As long as TOGA is not charged to my credit card for I will use it.

Fair comment, but consider -

(a) certification philosophy is that there is no need for pilot commanded thrust increase due failure and, indeed, the Standards proscribe it. This, naturally, doesn't preclude operation of those systems which have an auto thrust increase capability.

(b) flex sums are based on no increase in thrust. If you choose to increase thrust, suggest you do so slowly.
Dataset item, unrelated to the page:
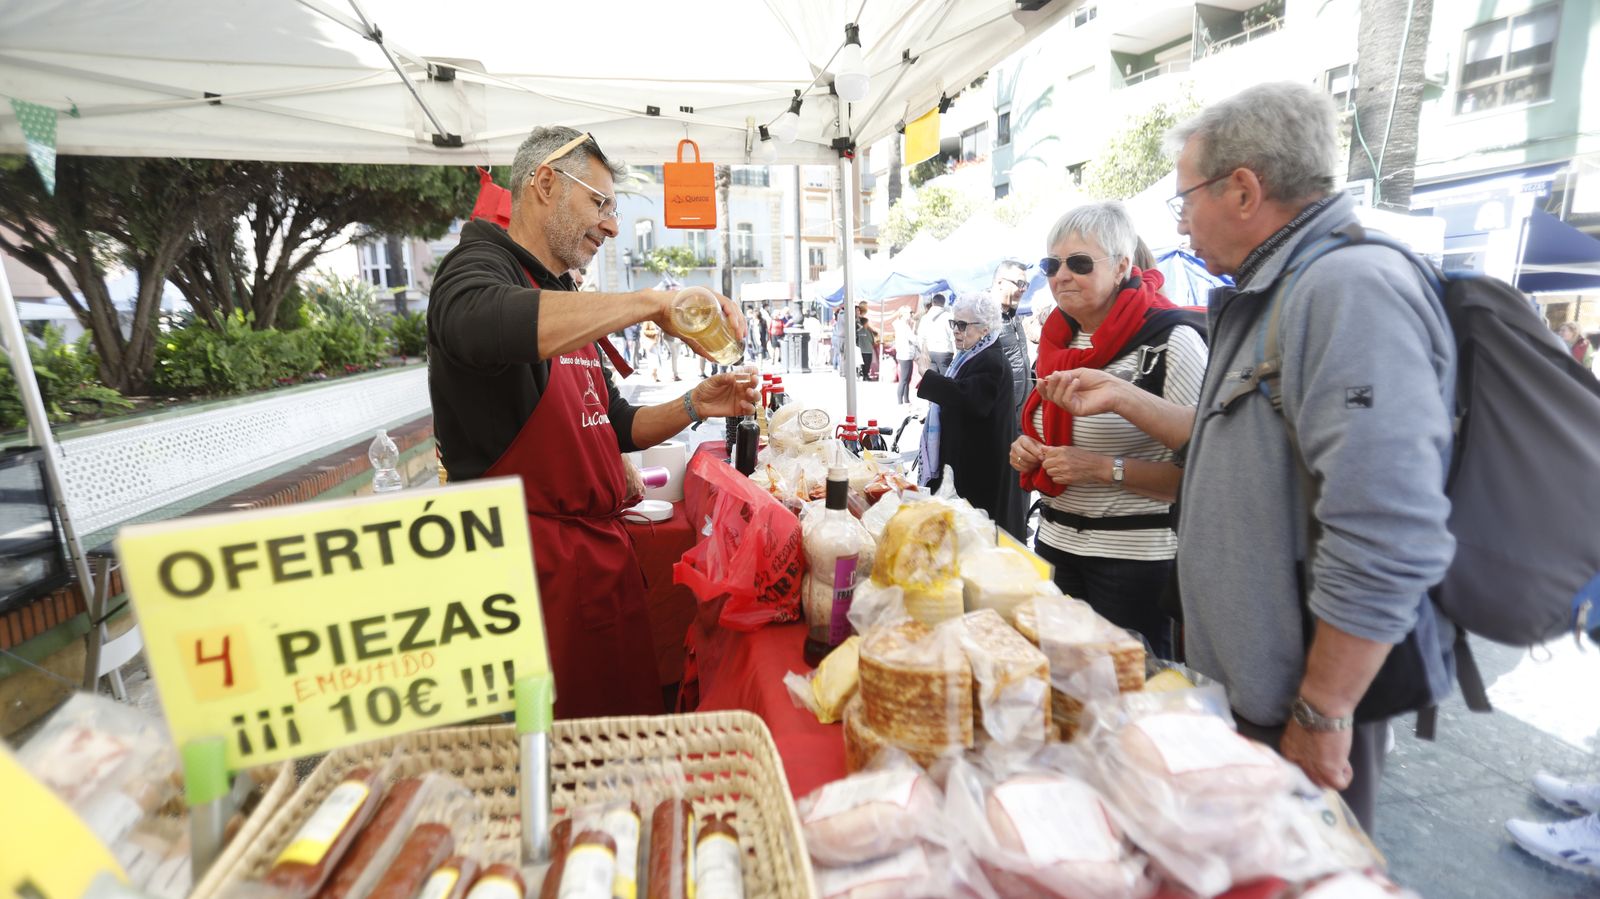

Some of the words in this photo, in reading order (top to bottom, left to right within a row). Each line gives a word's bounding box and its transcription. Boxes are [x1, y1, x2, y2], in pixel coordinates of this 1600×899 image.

(c) derate sums are based on no increase in thrust. Vmca may, and generally will, have been reworked for the derate. If you choose to increase thrust beyond the derate maximum, then do it very carefully and know what the actual Vmca was for the takeoff

Why do I say do it carefully ? Thrust can ramp up rapidly with an accompanying Vmca ramp up and catch the pilot quite unawares. I was involved in a turboprop fatal investigation many years ago where, almost certainly, the final departure which led to ground impact was associated with too fast a pilot commanded thrust increase on a very good engine .. crash, burn, (most) die.


35 feet clearance is achieved after net climb gradient

.. once you are in the climb. A V1 failure doesn't give you much fat to play with at the end of the takeoff ... different matter once you are through several hundred feet on the altimeter.


If you are one of those whose flying is perfect 365 days anytime and every time

Another fair comment. I can recall only two pilots who might have come close to this. Flew with one a bit with attendant embarrassment on my legs ... most of us fall far short ...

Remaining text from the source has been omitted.